Provided entries START

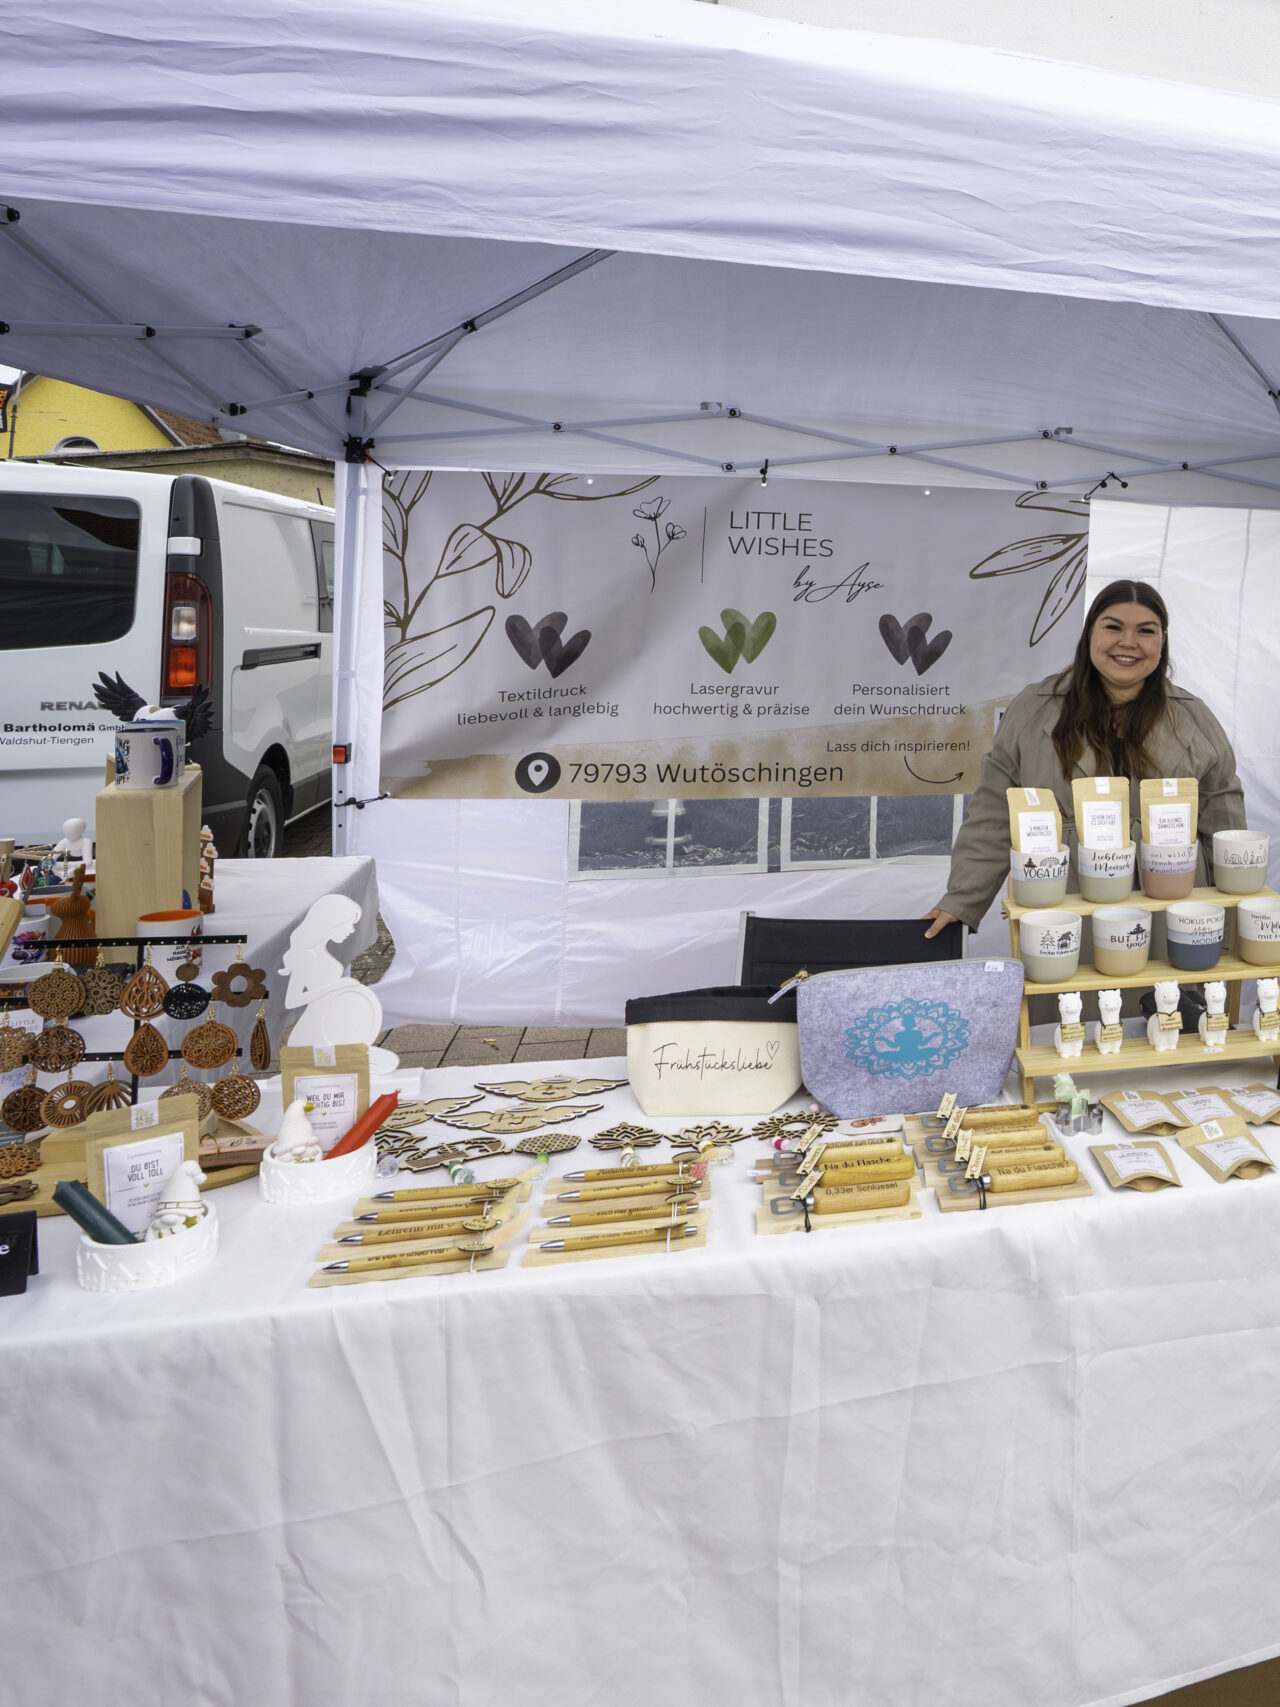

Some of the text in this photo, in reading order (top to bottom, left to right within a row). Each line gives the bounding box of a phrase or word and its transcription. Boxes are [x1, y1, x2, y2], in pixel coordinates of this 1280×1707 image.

[730, 511, 813, 532] LITTLE
[728, 536, 834, 557] WISHES
[793, 565, 817, 602] by
[498, 684, 587, 703] Textildruck
[690, 683, 780, 698] Lasergravur
[852, 683, 951, 697] Personalisiert
[40, 701, 105, 711] RENA
[653, 703, 810, 719] hochwertig & präzise
[834, 704, 967, 716] dein Wunschdruck
[457, 701, 619, 726] liebevoll & langlebig
[3, 722, 95, 732] Bartholomä
[827, 740, 971, 755] Lass dich inspirieren!
[569, 762, 844, 787] 79793 Wutöschingen
[1023, 867, 1050, 879] YOGA
[1178, 917, 1205, 925] HOKUS
[1110, 935, 1131, 944] BUT
[653, 1043, 773, 1080] Frühstücksliebe
[313, 1101, 330, 1109] CHTIG
[130, 1159, 160, 1173] DU BIST
[856, 1157, 892, 1167] Flasche
[997, 1160, 1070, 1176] Na du Flasche?
[127, 1168, 164, 1182] VOLL TOLL
[856, 1181, 898, 1192] Schlüssel
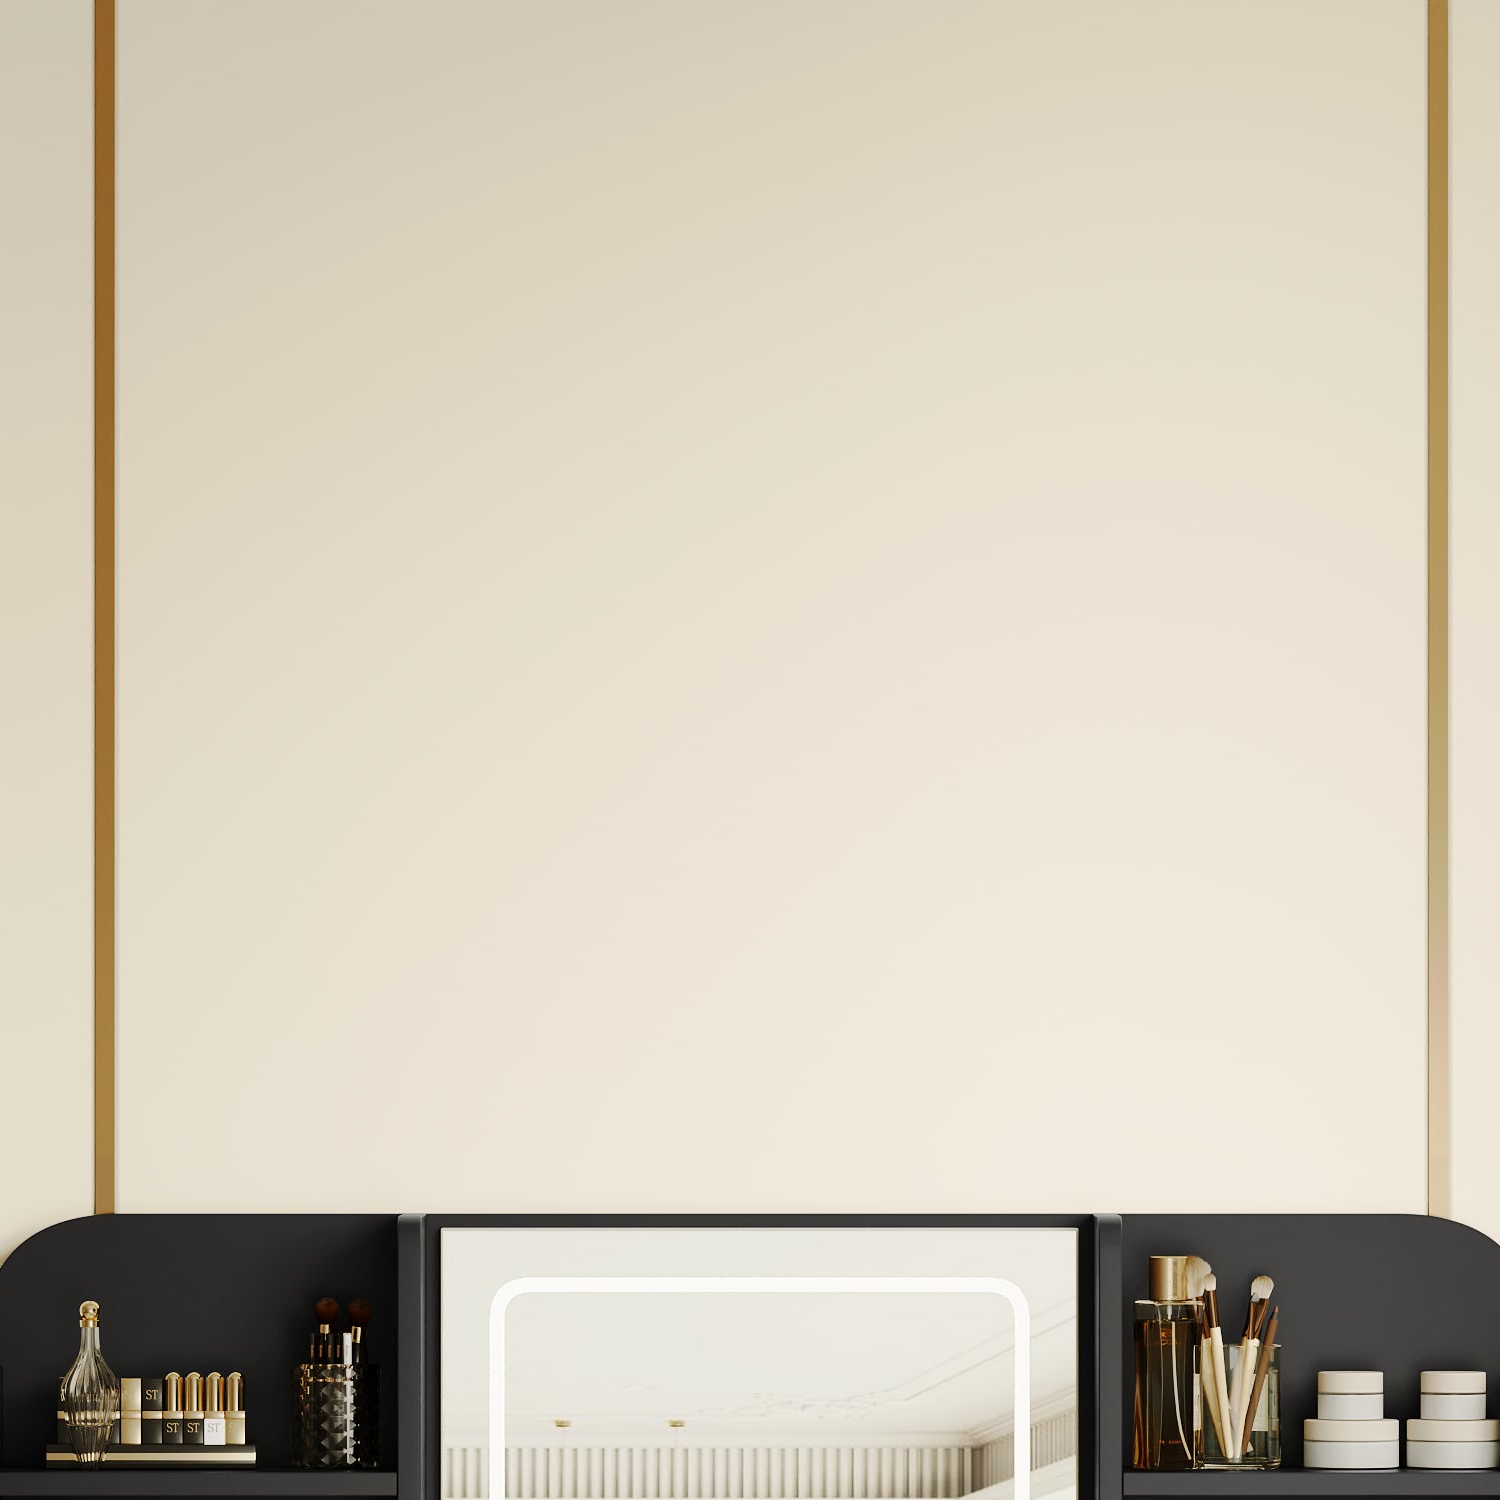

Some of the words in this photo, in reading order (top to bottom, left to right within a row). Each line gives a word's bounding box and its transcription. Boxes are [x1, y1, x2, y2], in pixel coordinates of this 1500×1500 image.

Provided entries END

Prompt: From the first line to the last, repeat the records exactly. Leave out the pictures.

Answer to this task:
Some of the text in this photo, in reading order (top to bottom, left to right within a row). Each line gives the bounding box of a phrase or word and its transcription. Boxes are [x1, y1, x2, y2], in pixel coordinates of this 1280×1707 image.

[730, 511, 813, 532] LITTLE
[728, 536, 834, 557] WISHES
[793, 565, 817, 602] by
[498, 684, 587, 703] Textildruck
[690, 683, 780, 698] Lasergravur
[852, 683, 951, 697] Personalisiert
[40, 701, 105, 711] RENA
[653, 703, 810, 719] hochwertig & präzise
[834, 704, 967, 716] dein Wunschdruck
[457, 701, 619, 726] liebevoll & langlebig
[3, 722, 95, 732] Bartholomä
[827, 740, 971, 755] Lass dich inspirieren!
[569, 762, 844, 787] 79793 Wutöschingen
[1023, 867, 1050, 879] YOGA
[1178, 917, 1205, 925] HOKUS
[1110, 935, 1131, 944] BUT
[653, 1043, 773, 1080] Frühstücksliebe
[313, 1101, 330, 1109] CHTIG
[130, 1159, 160, 1173] DU BIST
[856, 1157, 892, 1167] Flasche
[997, 1160, 1070, 1176] Na du Flasche?
[127, 1168, 164, 1182] VOLL TOLL
[856, 1181, 898, 1192] Schlüssel

Some of the words in this photo, in reading order (top to bottom, left to right within a row). Each line gives a word's bounding box and its transcription. Boxes are [x1, y1, x2, y2], in pixel coordinates of this 1500×1500 image.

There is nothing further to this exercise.